3. Fight for your sister. As women, we have to fight to maintain relationships with our girlfriends. Often times we will fight for a man who has lied to us or simply does not want to be with us. Yet, we will beg and plead with him to stay. When our girlfriends are tired of us or need some space, we simply allow them to walk out of our lives without a fight. We should not allow our girlfriends to walk out of our life. We have to make a commitment to work at our friendships and maintain relationships even when it becomes difficult.

4. You reap what you sow. As women, we have to learn to respect the "office" that has been given to another women. We may not like a particular woman but we do not have to like her in order to respect that woman's office.

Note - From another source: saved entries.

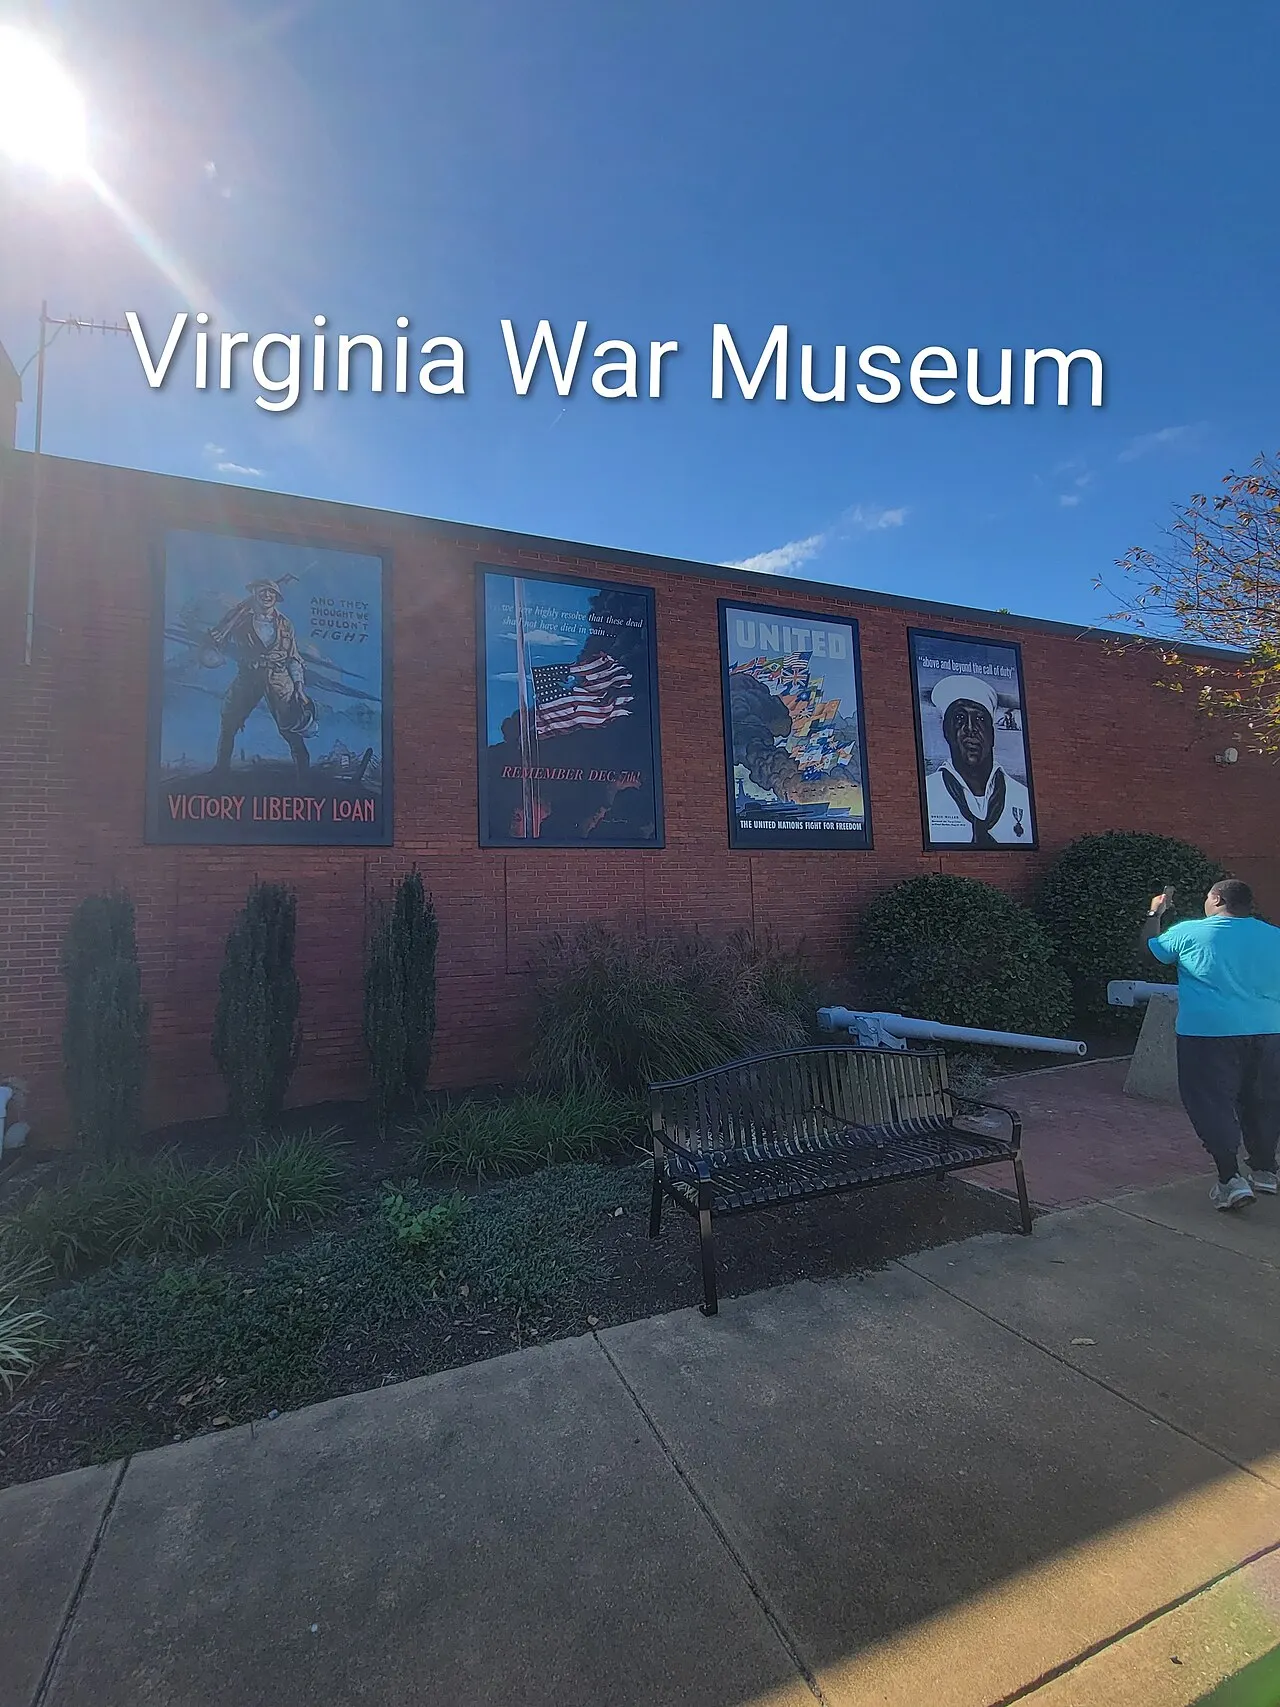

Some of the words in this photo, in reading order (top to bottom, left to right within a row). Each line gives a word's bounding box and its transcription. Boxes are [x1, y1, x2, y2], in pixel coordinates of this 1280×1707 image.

[310, 596, 335, 607] AND
[340, 600, 369, 610] THEY
[310, 607, 354, 618] THOUGHT
[356, 612, 369, 621] WE
[534, 605, 559, 620] highly
[561, 610, 587, 622] resolve
[588, 612, 604, 623] that
[606, 614, 624, 626] these
[625, 617, 644, 629] dead
[310, 618, 369, 630] COULDN'T
[502, 616, 523, 627] shal
[539, 619, 559, 631] have
[561, 623, 576, 634] died
[578, 625, 587, 634] in
[310, 629, 369, 643] FIGHT
[736, 620, 846, 659] UNITED
[940, 660, 951, 670] and
[952, 660, 972, 673] beyond
[972, 662, 982, 675] the
[983, 663, 993, 675] call
[993, 665, 1000, 676] of
[501, 767, 584, 780] REMEMBER
[588, 769, 617, 783] DEC.
[620, 770, 641, 784] 7th!
[168, 794, 246, 821] VICTORY
[252, 796, 327, 822] LIBERTY
[332, 798, 376, 823] LOAN
[740, 820, 752, 828] THE
[753, 820, 776, 829] UNITED
[778, 821, 803, 829] NATIONS
[805, 821, 821, 830] FIGHT
[823, 822, 834, 830] FOR
[836, 822, 862, 830] FREEDOM

She shared the challenging relationship that she has with her mother-in-law. Recently the Holy Spirit revealed to Rev. Weems that she has to respect her mother-in-law if she expects her students at Spelman or other woman to respect her. What you sow in one area of your life is what you reap in another area of your life. You cannot disrespect women who have been given a particular "office" yet expect to be respected on your job, in your home or in your ministry. She reminded us that we "have got to mind how we treat people."

At the conclusion of the service, Rev. Weems asked every woman to apologize to the woman that she attended the service with for something specific (i.e. betraying your friend's confidence, gossiping about her or simply ignoring your friend's phone calls when you saw her number appear on the caller id box). She also asked each woman to make a specific promise to her friend. Rev. Weems promised Rev. Elaine that when they get old they "are going to ride [yes, she said ride] their wheelchair's to Jamaica and look at all the fine men." She also promised Rev. Elaine that they "would sit on the porch and talk about all of their ex-boyfriends."

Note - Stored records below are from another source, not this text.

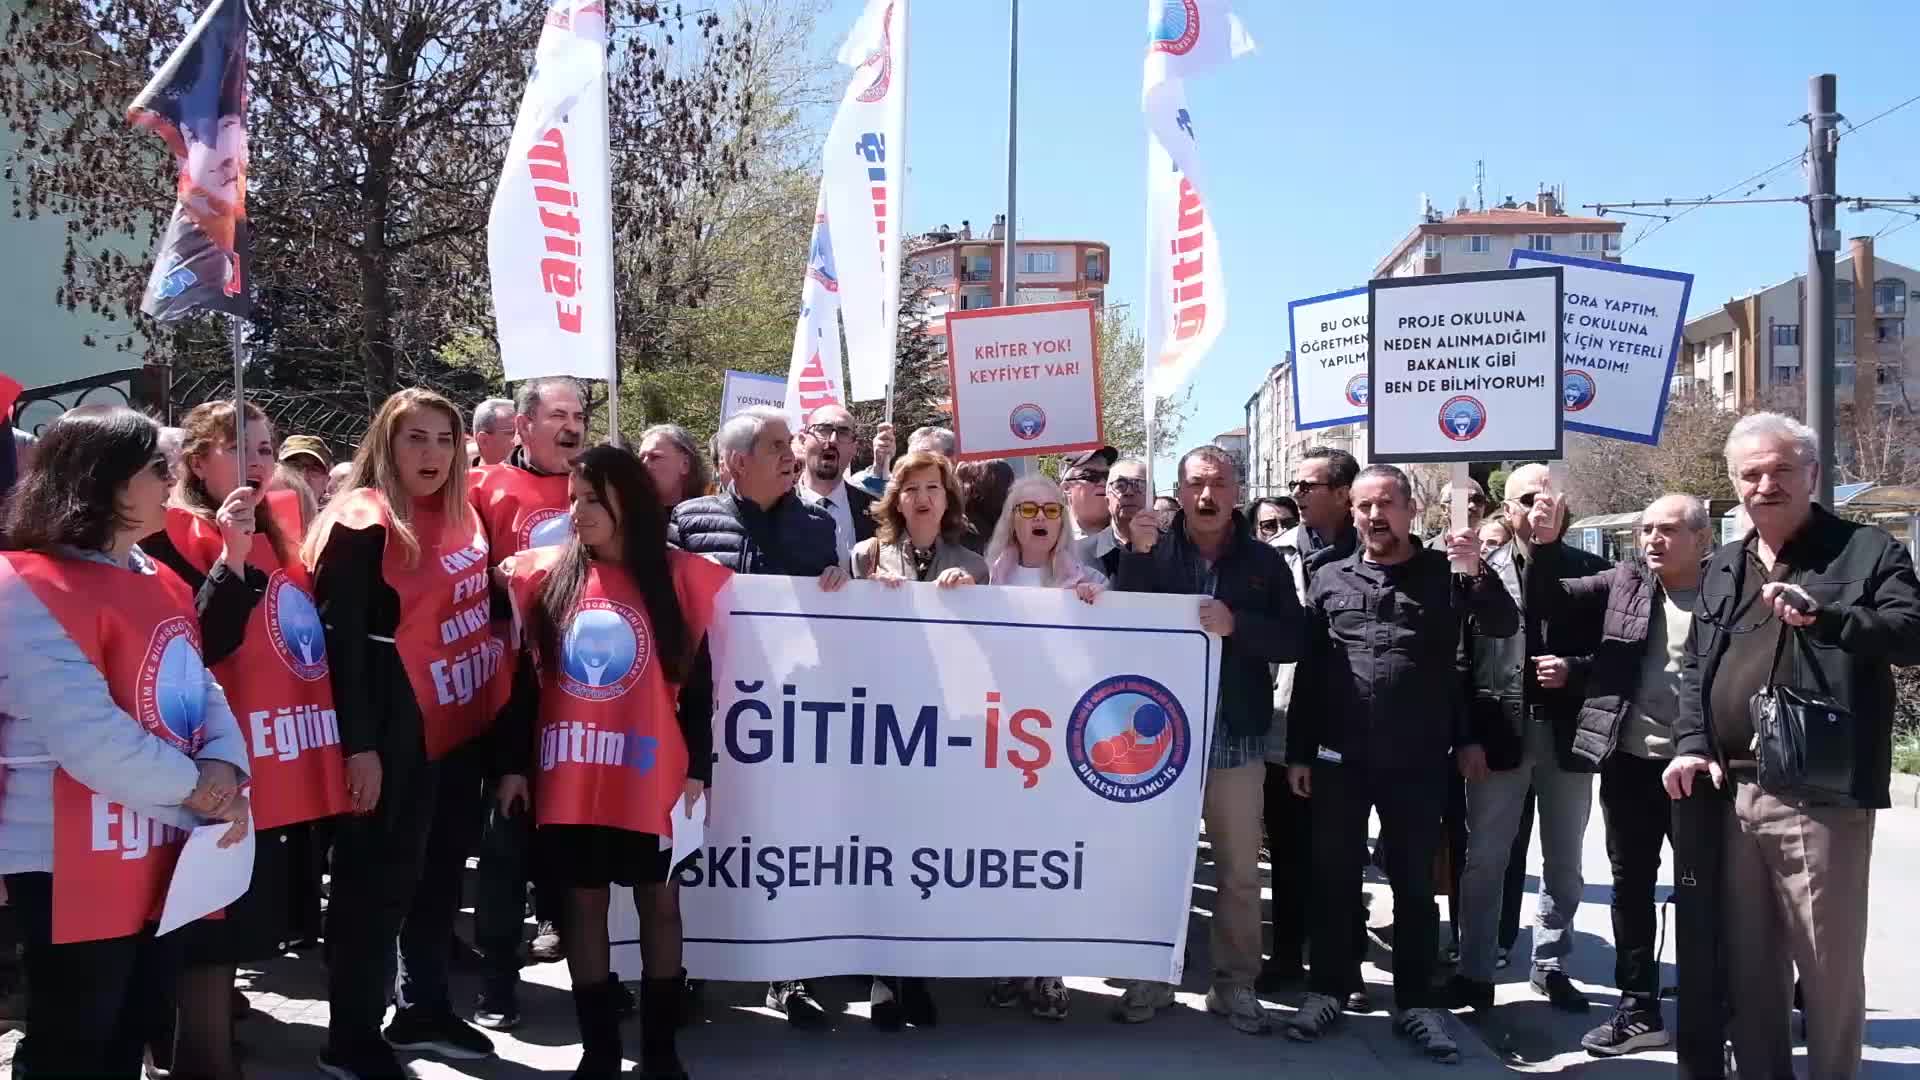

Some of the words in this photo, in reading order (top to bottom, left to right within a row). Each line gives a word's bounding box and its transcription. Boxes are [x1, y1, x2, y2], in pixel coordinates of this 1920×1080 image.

[1160, 176, 1206, 362] ğitim
[1604, 298, 1659, 318] YAPTIM.
[1320, 320, 1337, 333] BU
[1399, 314, 1445, 329] PROJE
[1450, 310, 1526, 326] OKULUNA
[1579, 315, 1648, 336] OKULUNA
[975, 341, 1027, 360] KRİTER
[1032, 338, 1072, 355] YOK!
[1384, 337, 1431, 351] NEDEN
[1437, 329, 1546, 348] ALINMADIĞIMI
[1575, 331, 1604, 350] İÇİN
[1609, 339, 1664, 359] YETERLİ
[1407, 356, 1480, 371] BAKANLIK
[1485, 351, 1516, 368] GİBİ
[969, 364, 1040, 384] KEYFİYET
[1044, 361, 1080, 377] VAR!
[1385, 381, 1412, 394] BEN
[1417, 379, 1436, 393] DE
[1441, 374, 1545, 392] BİLMİYORUM!
[712, 679, 1053, 789] ĞİTİM-İŞ
[1078, 763, 1127, 798] BİRLEŞİK
[1129, 765, 1177, 798] KAMU-İŞ
[910, 840, 1085, 900] ŞUBESİ
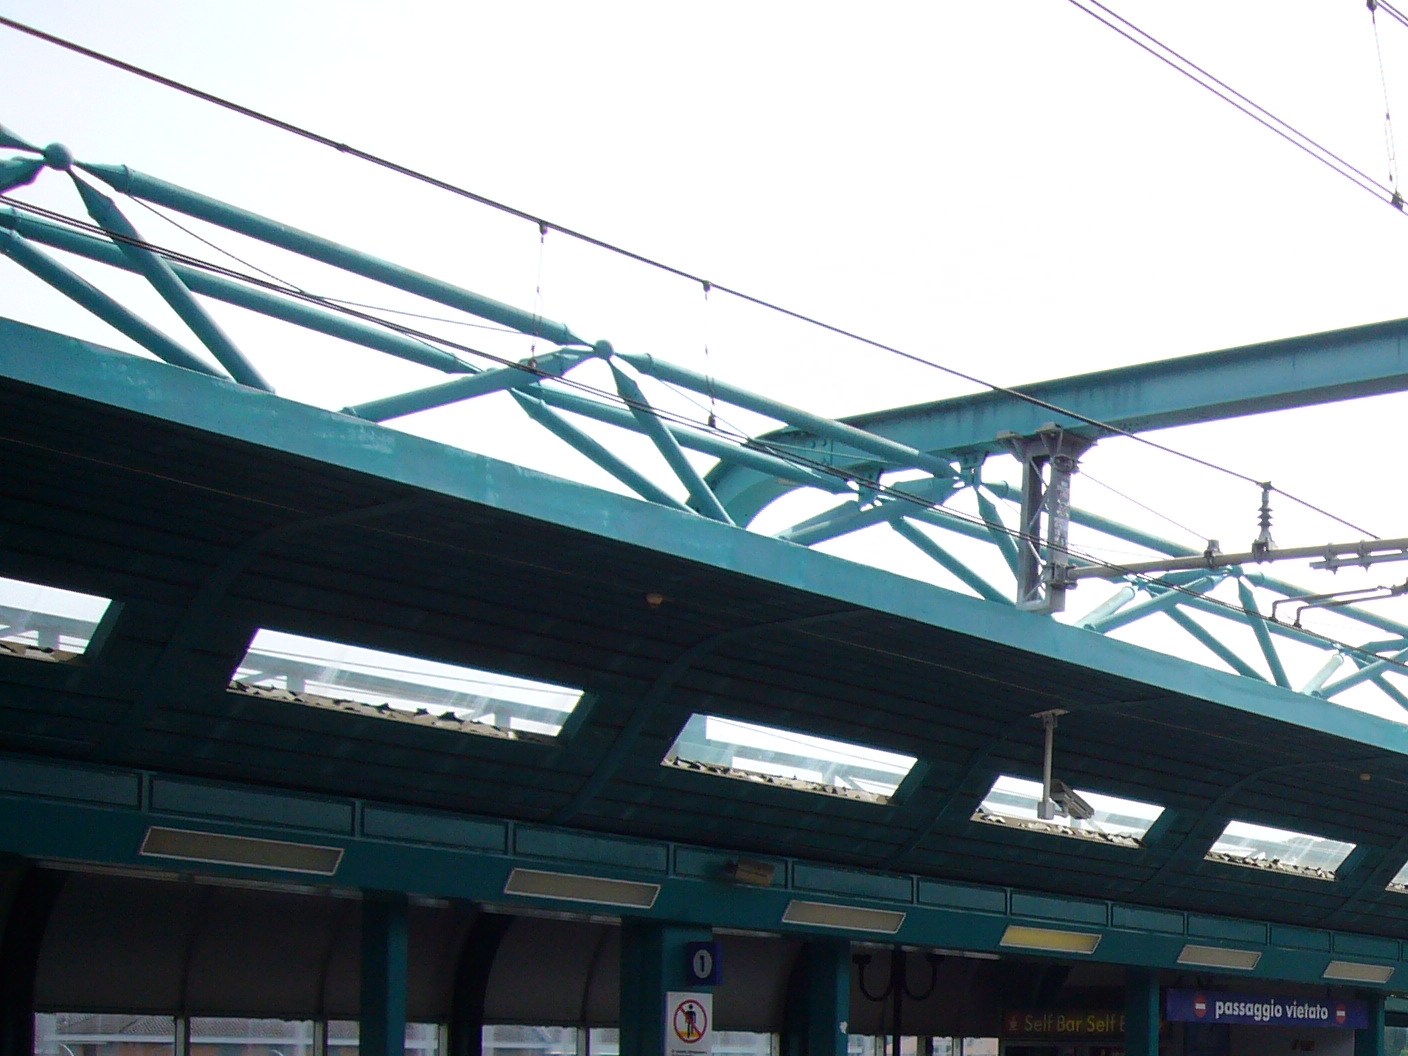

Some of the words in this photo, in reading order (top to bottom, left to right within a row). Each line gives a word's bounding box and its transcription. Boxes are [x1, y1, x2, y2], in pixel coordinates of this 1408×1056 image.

[1214, 999, 1283, 1022] passaggio
[1285, 1001, 1329, 1019] vietato
[1024, 1014, 1054, 1032] Self
[1056, 1015, 1083, 1032] Bar
[1087, 1014, 1117, 1032] Self

This article only touches upon some of the many revelations that Rev. Weems shared with us about the importance of sisterhood and friendship among women. This piece cannot do justice to the service and the healing that took place in the midst of the service. I strongly encourage you to buy the CD, DVD or tape for yourself and for all the sisters in your circle. It will make you laugh and it will make you cry, but even more importantly it will make you reclaim "the sisters that got away."